森は深く、やはり陽の光は細くしか差し込んでこない。
光もなく、周囲の様子もあまり変化がないにも関わらず、レイは目指す方向がはっきりわかっているようだった。一人だったらまた迷っていたかも知れないと、瑠菜は内心思う。
「――そうだ。お前に返すのを忘れていたものがあった」
レイは足を止めると、背負い袋の中から籠を取りだした。紛れもなく、瑠菜のものとわかるものを。
「瑠菜を見つけたときに、これが近くに落ちていた。これは、お前のものではないか?」
「はい。ありがとうございます、レイさん。わたし、籠はなくしたんだと思ってました」
「やはりお前のものだったのだな。拾っておいて良かった」
レイの手から籠を受け取りながら、瑠菜は頭を下げる。本当に、何もかもレイに助けてもらってばかりだ。

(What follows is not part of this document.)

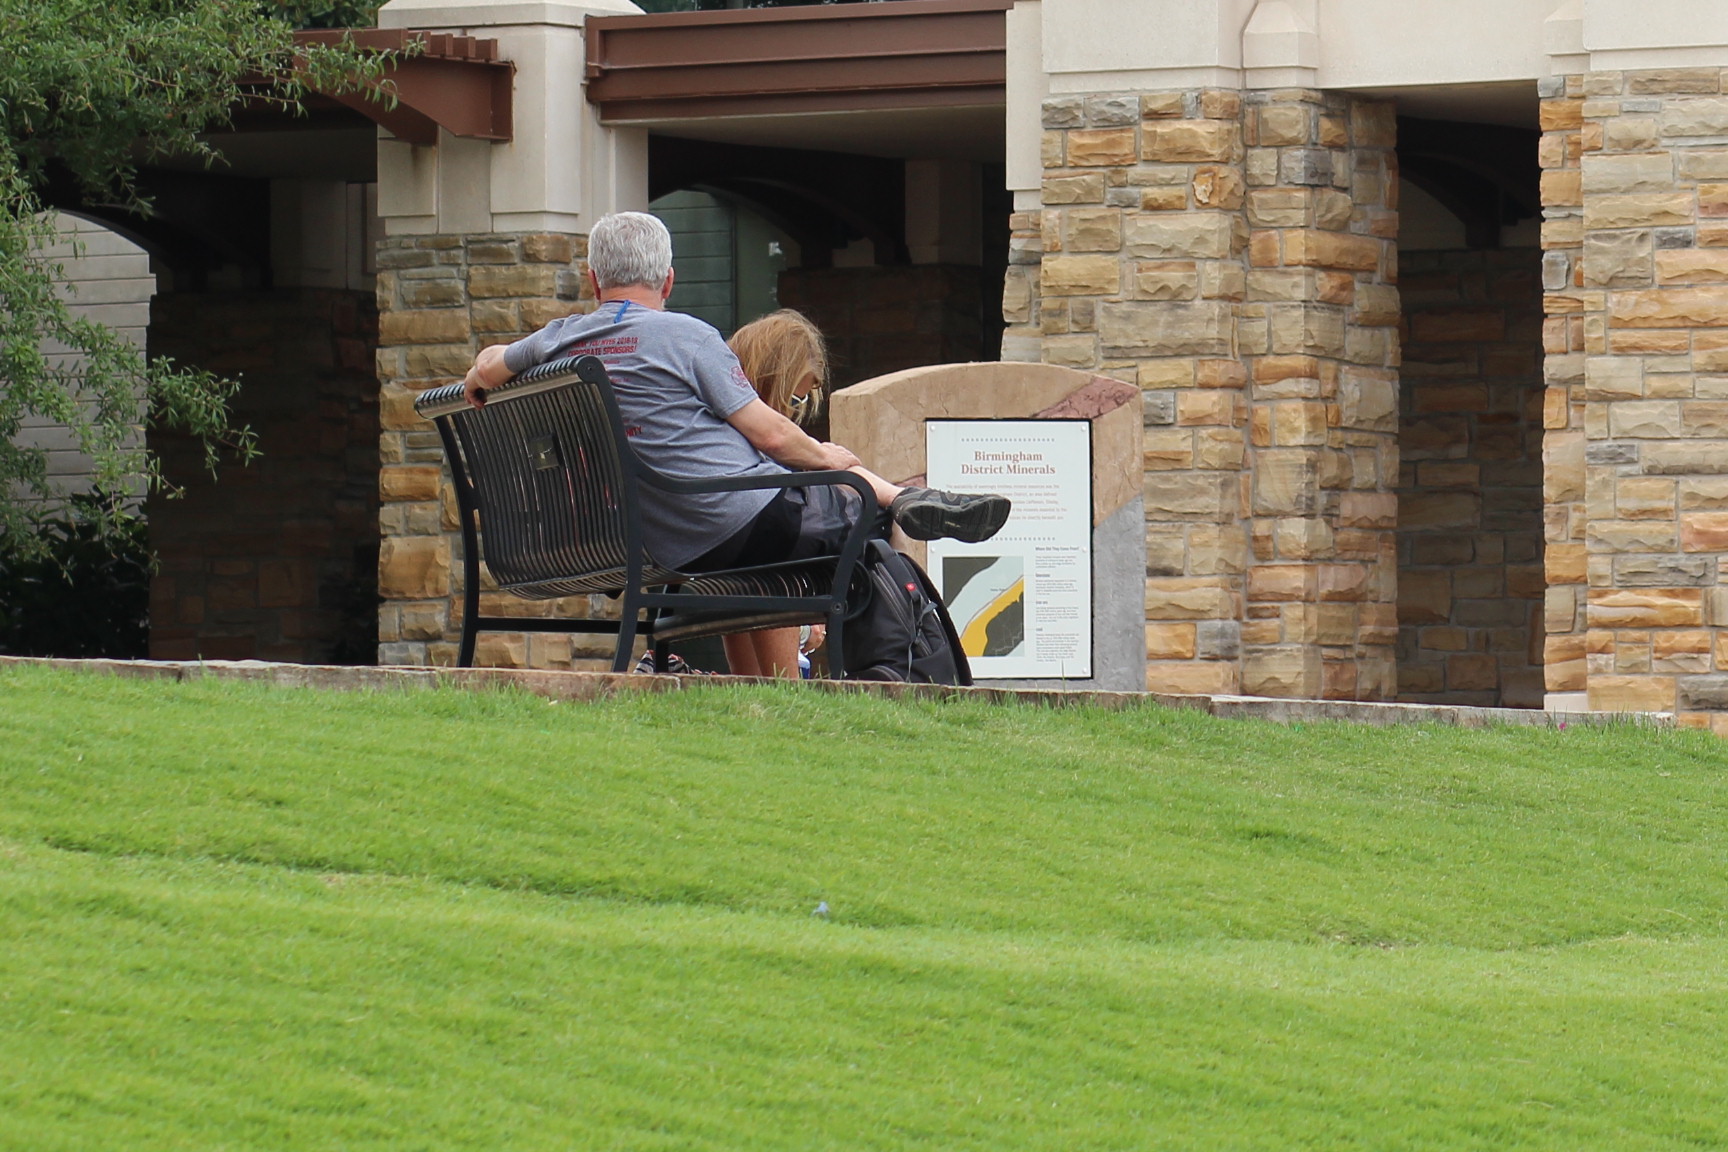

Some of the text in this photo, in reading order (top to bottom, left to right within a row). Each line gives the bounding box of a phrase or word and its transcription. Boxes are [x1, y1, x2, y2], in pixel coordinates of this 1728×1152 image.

「ところで、母上は何の病なのだ? ものによって必要な薬草が違うと思うのだが」
「それが……よくわからないんです。お医者様に診せたこともないので……」
「そうか。なら滋養強壮に良いものでいいか。ついでに食べ物も持って帰ると良いだろう。栄養は必要だ。――ほら、あそこに朝食べたキノコがあるぞ」
レイが指さした木の根元には、朝焼いて食べさせてもらったキノコがたくさん生えていた。
食べられるものもたくさん持って帰れたら、きっと母も真鈴も喜ぶだろう。瑠菜はキノコを採ると籠の中にそっと入れた。
レイは、様々なことを知っていた。
あのキノコはさっき採ったものに似ているが毒があるとか、あの木の実は栄養価が高いとか。確か、この大陸に訪れたのは初めてだと言っていたのに。
「この実……紫だけど、食べられるんですね」
「これは実を食べるのではなく、割って中身の白い部分を食べると甘いものだ。種が多いが、独特の甘みがあって栄養もあるぞ」
「そうなんですか。……レイさんは何でもご存じなんですね」
「そうでもないぞ。旅の知識は殆ど、私に旅のことを教えてくれた男からの受け売りだ。あの男から学んでなければ、私は本で知ったこと以外、何もわからなかっただろうな」
紫の木の実を瑠菜の籠に入れながら、レイは語ってくれた。旅の知識を教えてくれた男がいるのだということを。飲める水の見分け方や野営の仕方という基本から、騙されずに買い物をする方法だとかに至るまで。必要なことの何もかもを伝授してくれた、レイにとってはいわば旅の師匠のような男らしい。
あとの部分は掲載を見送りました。